Characteristics of patients

Of the 80 CIDP patients, 40 had typical and 40 had atypical CIDP. Of atypical CIDP, 20 patients had DADS neuropathy, 10 had MADSAM and 10 had other atypical CIDP-like pure sensory, pure motor or acute-onset CIDP. Diagnosis according to EFNS/PNS criteria was definite in 66 (83%), probable in five (6%) and possible in nine patients (11%).

Table 1 shows the baseline characteristics of all patients and typical and atypical CIDP. Disease duration from first symptoms and from diagnosis to examination did not differ between the groups, but time between first symptoms to diagnosis was longer in atypical CIDP patients. Pure sensory symptoms without motor impairment at diagnosis was more frequent in atypical CIDP. At the time of examination, atypical CIDP patients were less disabled, according to INCAT-ODSS and MRC sum score, than typical CIDP patients (Figure 1).

Of the 80 patients, 78 received immunotherapy. Two patients had no treatment as their disease was stable after initial treatment and immunotherapy could be stopped. First-line therapy with corticosteroids or immunoglobulins was applied in 62 of 80 patients. Plasma exchange was not performed. Details on treatments are given in Table 1. Applied treatments were not statistically different between the typical and atypical CIDP groups.
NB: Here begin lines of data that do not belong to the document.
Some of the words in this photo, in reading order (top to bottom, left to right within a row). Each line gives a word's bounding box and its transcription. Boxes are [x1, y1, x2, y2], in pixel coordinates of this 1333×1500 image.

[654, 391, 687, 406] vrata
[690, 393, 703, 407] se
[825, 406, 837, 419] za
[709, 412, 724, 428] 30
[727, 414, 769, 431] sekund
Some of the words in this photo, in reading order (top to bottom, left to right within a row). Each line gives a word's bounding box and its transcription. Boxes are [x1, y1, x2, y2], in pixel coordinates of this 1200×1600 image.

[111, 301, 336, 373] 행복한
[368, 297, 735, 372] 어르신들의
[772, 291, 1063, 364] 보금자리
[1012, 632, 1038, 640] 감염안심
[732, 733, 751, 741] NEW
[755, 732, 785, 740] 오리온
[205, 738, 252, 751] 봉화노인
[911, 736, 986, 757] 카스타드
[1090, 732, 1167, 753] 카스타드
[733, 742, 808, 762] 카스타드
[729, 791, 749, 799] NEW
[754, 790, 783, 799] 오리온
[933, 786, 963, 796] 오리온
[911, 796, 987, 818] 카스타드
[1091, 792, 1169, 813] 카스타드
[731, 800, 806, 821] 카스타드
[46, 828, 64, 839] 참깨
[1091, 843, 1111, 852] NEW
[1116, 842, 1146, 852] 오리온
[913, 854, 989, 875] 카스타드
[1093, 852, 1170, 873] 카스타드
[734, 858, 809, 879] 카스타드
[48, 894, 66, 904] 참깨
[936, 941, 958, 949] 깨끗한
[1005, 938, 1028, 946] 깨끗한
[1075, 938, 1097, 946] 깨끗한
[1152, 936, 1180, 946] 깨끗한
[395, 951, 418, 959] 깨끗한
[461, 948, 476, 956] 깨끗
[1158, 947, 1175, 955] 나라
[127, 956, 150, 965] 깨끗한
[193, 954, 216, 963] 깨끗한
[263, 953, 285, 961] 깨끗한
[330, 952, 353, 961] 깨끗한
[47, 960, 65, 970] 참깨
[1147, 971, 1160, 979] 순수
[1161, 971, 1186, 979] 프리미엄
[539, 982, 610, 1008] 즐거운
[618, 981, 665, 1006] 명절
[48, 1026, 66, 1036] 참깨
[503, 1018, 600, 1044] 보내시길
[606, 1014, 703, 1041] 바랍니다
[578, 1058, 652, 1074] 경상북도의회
Distribution of alterations of echointensity

Most alterations of echointensity were detected in the distal leg muscles (median [range] Heckmatt score for distal leg muscles 1.5 [1–4]). Figure 2 (right part) shows the histograms of Heckmatt scores for each muscle. Only eight of 1269 examined muscles had a Heckmatt score of 4 (TA and GM). Figure 3 shows examples of two patients with Heckmatt scores 1 and 4 for the TA.
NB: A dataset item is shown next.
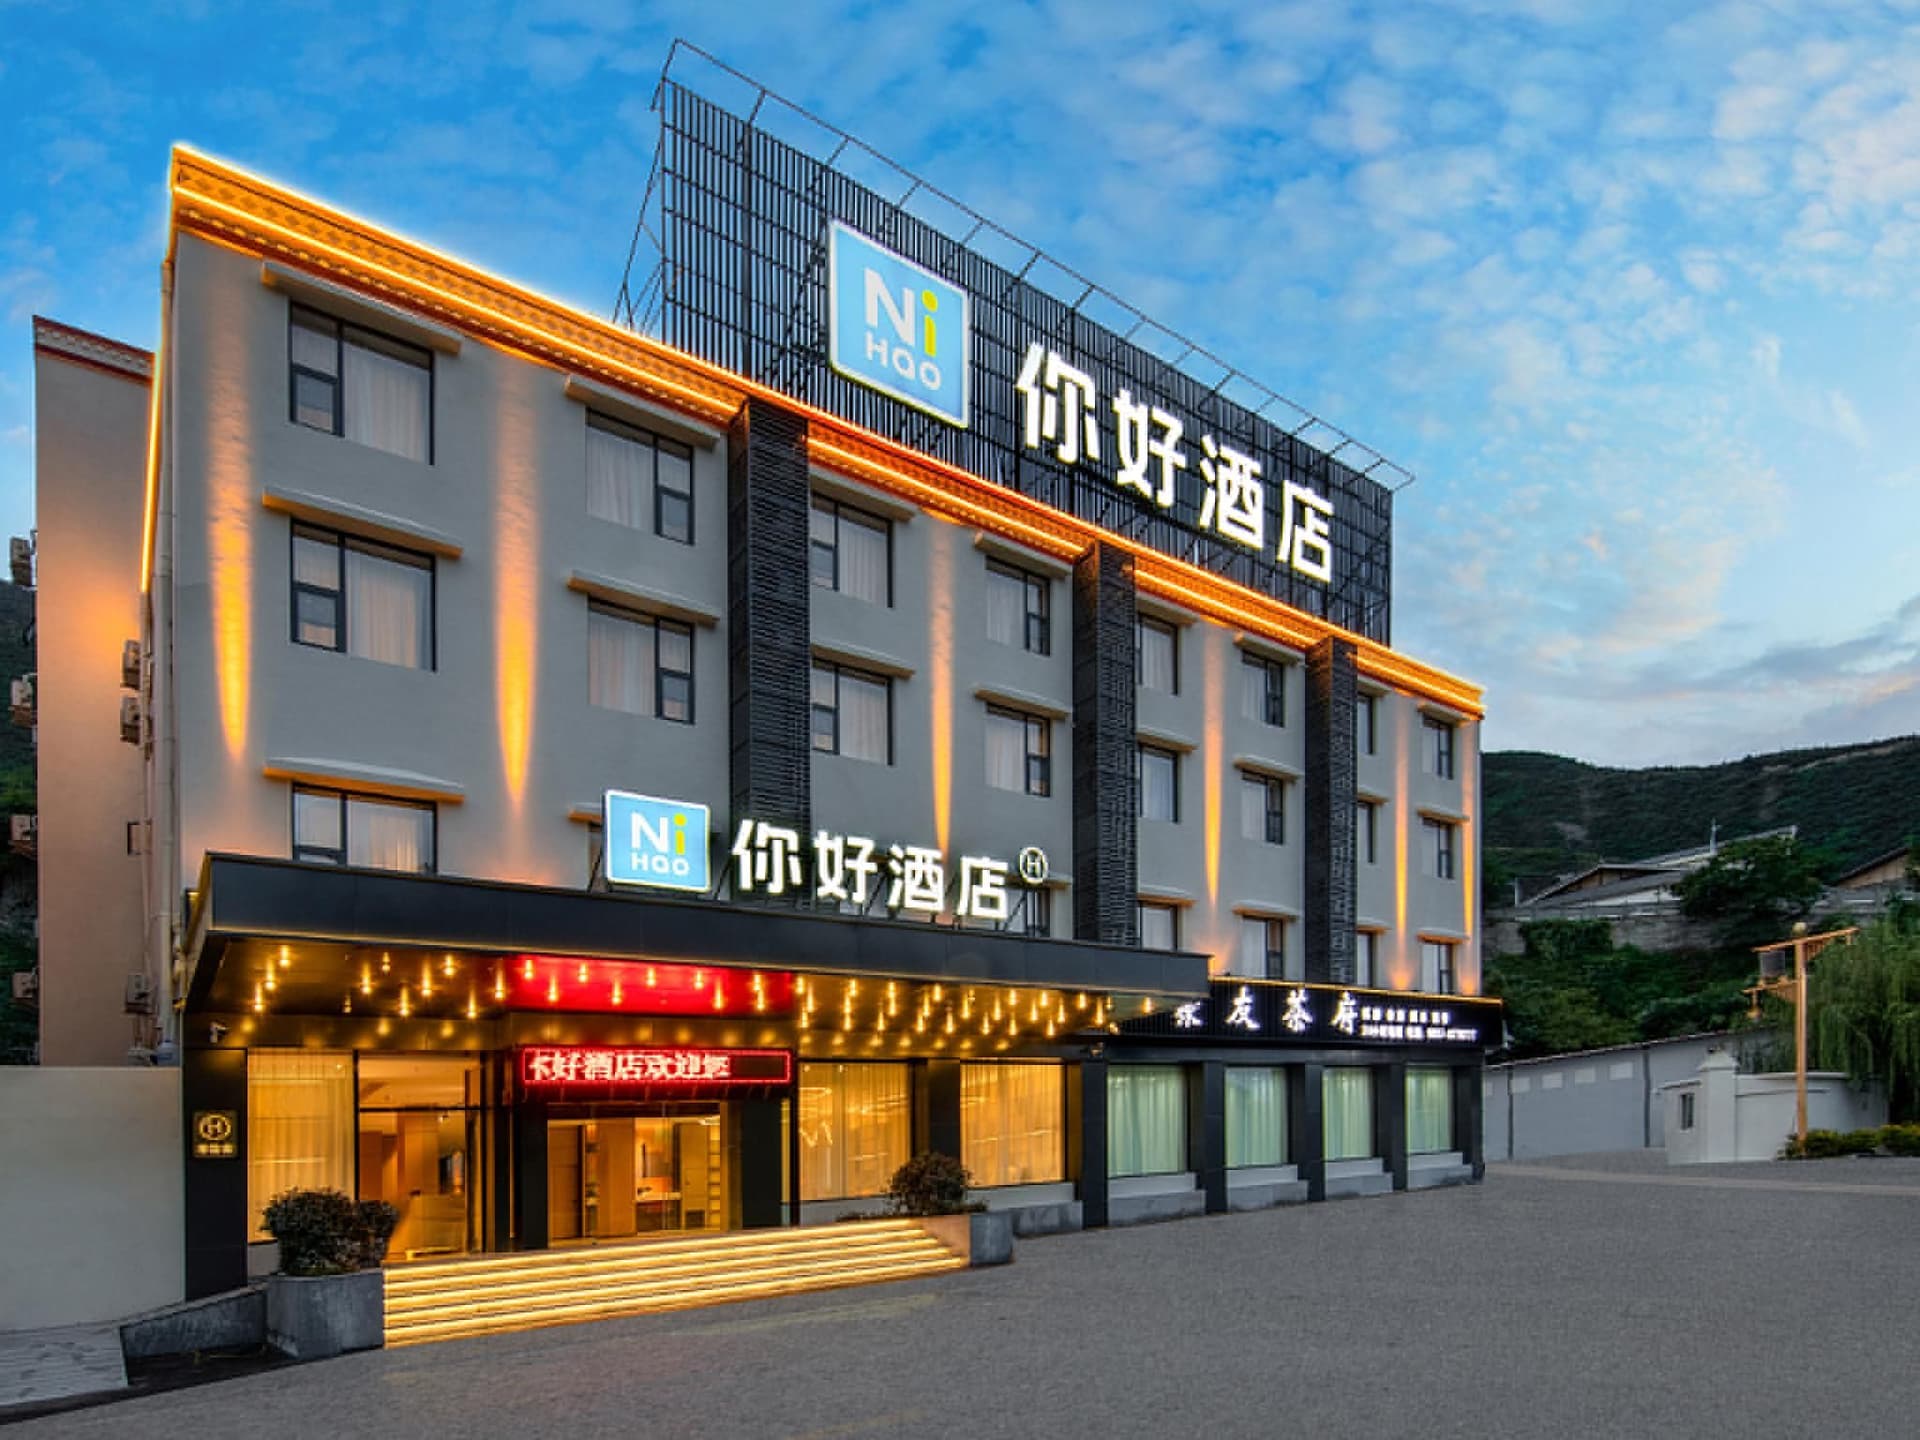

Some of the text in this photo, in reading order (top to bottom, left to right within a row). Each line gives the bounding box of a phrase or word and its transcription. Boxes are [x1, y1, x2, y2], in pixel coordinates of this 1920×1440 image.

[863, 268, 938, 357] Ni
[1015, 342, 1335, 584] 你好酒店
[631, 812, 687, 855] Ni
[731, 819, 1010, 921] 你好酒店
There were no differences between typical and atypical CIDP patients regarding number of fasciculations or Heckmatt score (Table S1).
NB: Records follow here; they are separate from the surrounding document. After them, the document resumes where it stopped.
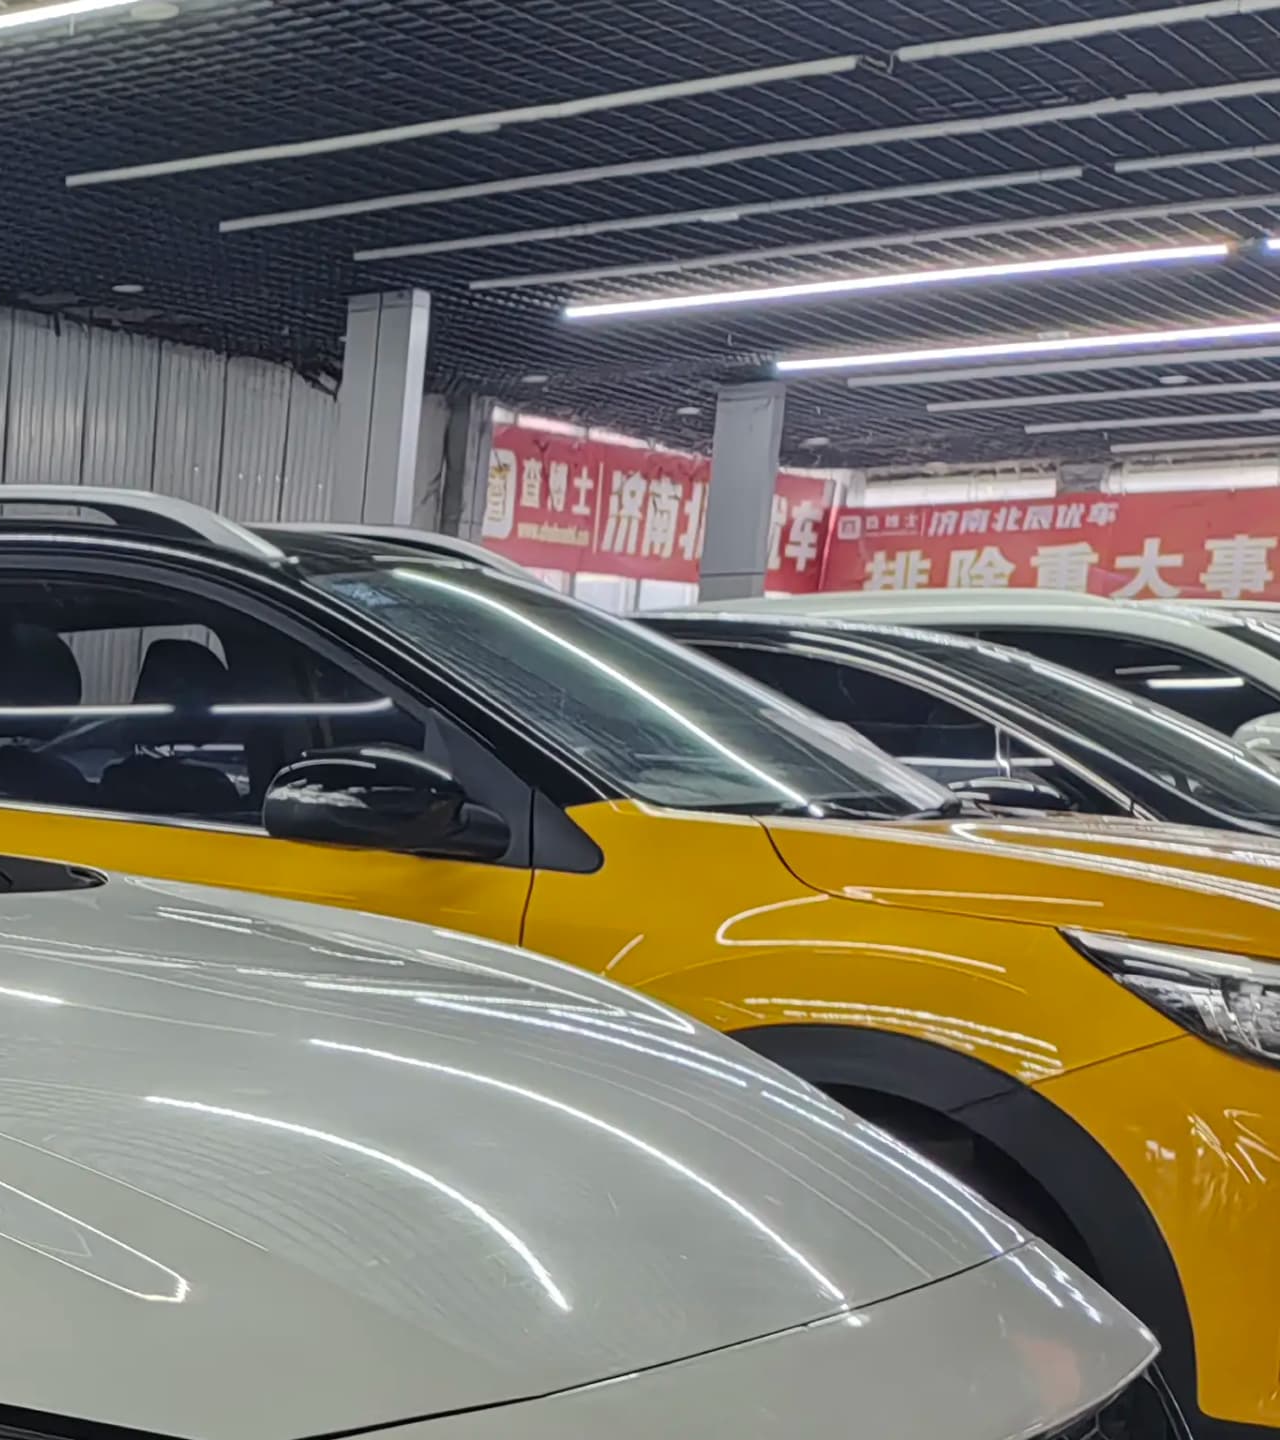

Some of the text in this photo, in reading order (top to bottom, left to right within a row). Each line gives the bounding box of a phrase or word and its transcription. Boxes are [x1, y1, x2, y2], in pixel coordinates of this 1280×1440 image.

[863, 534, 1278, 599] 排除重大事
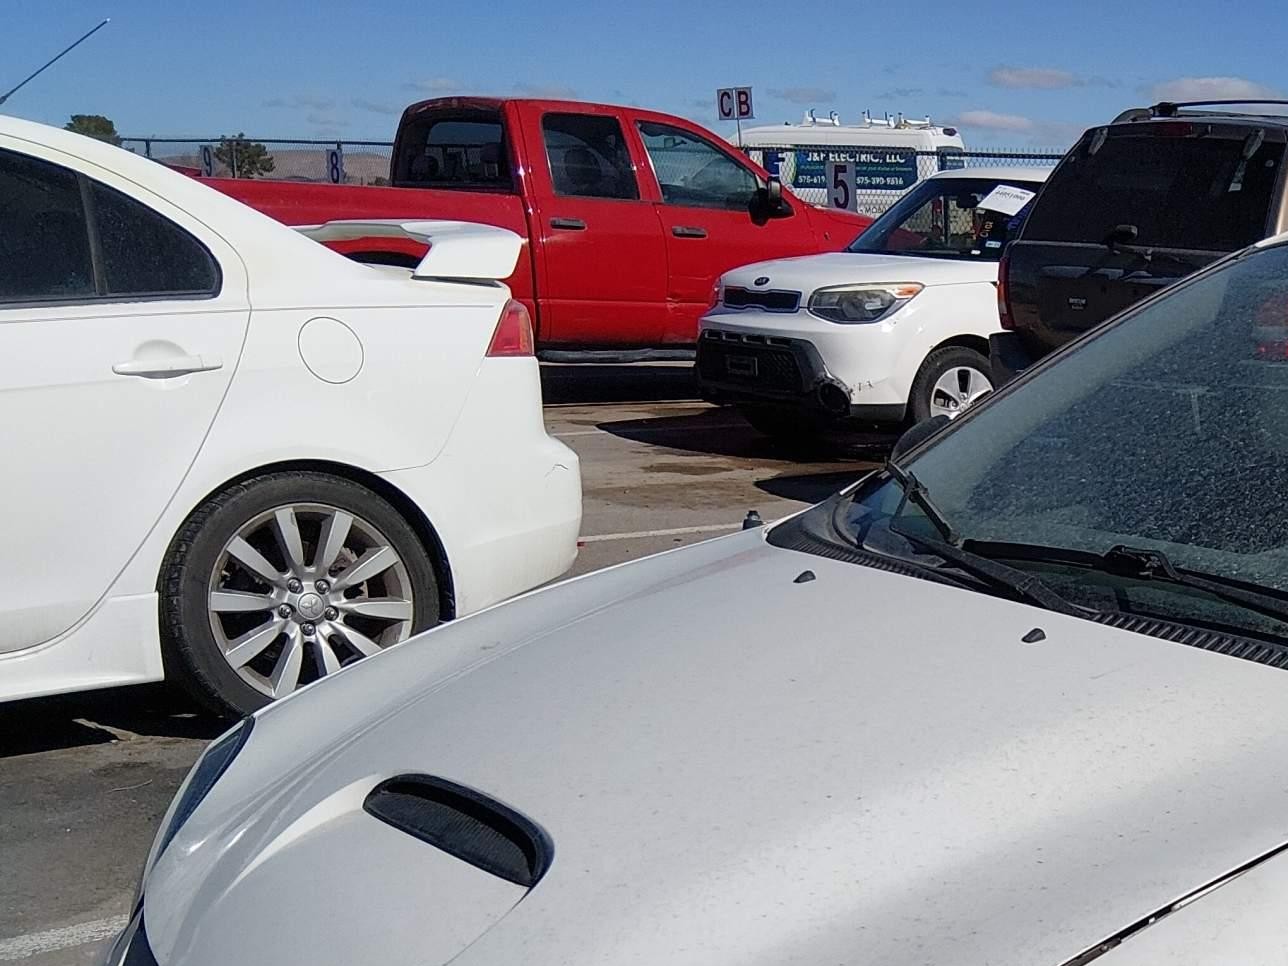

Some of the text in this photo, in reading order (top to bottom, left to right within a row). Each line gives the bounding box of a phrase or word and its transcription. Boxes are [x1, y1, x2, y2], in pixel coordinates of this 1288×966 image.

[203, 146, 213, 177] 9
[330, 151, 340, 183] 8
[886, 153, 906, 164] LLC
[833, 164, 850, 209] 5
Heckmatt scores for arm and leg muscles correlates with disability and muscle strength

Arm score of the INCAT-ODSS correlated to Heckmatt score for the distal arm muscles (r = 0.23, p = 0.046) and leg score of the INCAT-ODSS correlated to Heckmatt scores for the proximal (r = 0.34, p = 0.002) and distal leg muscles (r = 0.33, p = 0.004; Figure 4a–c).

The MRC sum score, as well as the individual MRC arm and leg muscle scores, correlated to Heckmatt scores for the corresponding muscle groups (r = −0.25, p = 0.02 for MRC sum score and proximal arm muscle Heckmatt scores; r = −0.21, p = nonsignificant for MRC sum score and distal arm muscle Heckmatt scores; r = −0.35, p = 0.002 for MRC sum score and proximal leg muscle Heckmatt scores; r = −0.35, p = 0.002 for MRC sum score and distal leg muscle Heckmatt scores). Regarding MRC score for each individual muscle and Heckmatt scores for the same muscle, we found correlations mainly for the distal muscles of the arms and legs (Table S2).

Intra- and interrater reliability of echointensity analysis using the Heckmatt scale

Cronbach's alpha, reflecting intrarater reliability, was 0.95 for Examiner 1 (A.F.), 0.95 for Examiner 2 (S.F.) and 0.97 for Examiner 3 (Z.S.), resulting in an excellent intrarater reliability for analyzing echointensity using the Heckmatt scale.

The intraclass correlation coefficient, reflecting interrater reliability, was 0.82, which was considered to indicate good interrater reliability for analyzing echointensity using the Heckmatt scale.

Distribution of fasciculations

Fasciculations were most frequent in the distal leg muscles (mean 3.0 ± 4.5 per 30 s) and least frequent in the proximal leg muscles (mean 0.7 ± 1.9 per 30 s). In the arm muscles, fasciculations also occurred more often distally than proximally. In most cases, fasciculations occurred simultaneously in the arm and leg muscles and were rarely isolated in the proximal muscles (Table 2). Overall, fasciculations were found in 81% of all patients. The frequency of fasciculations for each muscle group is shown in Figure 2 (left panel).

Number of fasciculations found on MUS correlate to those found on EMG

The number of fasciculations of the TA measured by MUS correlated to the number of fasciculations of the TA measured in EMG (r = 0.6, p = 0.03; Figure 4d).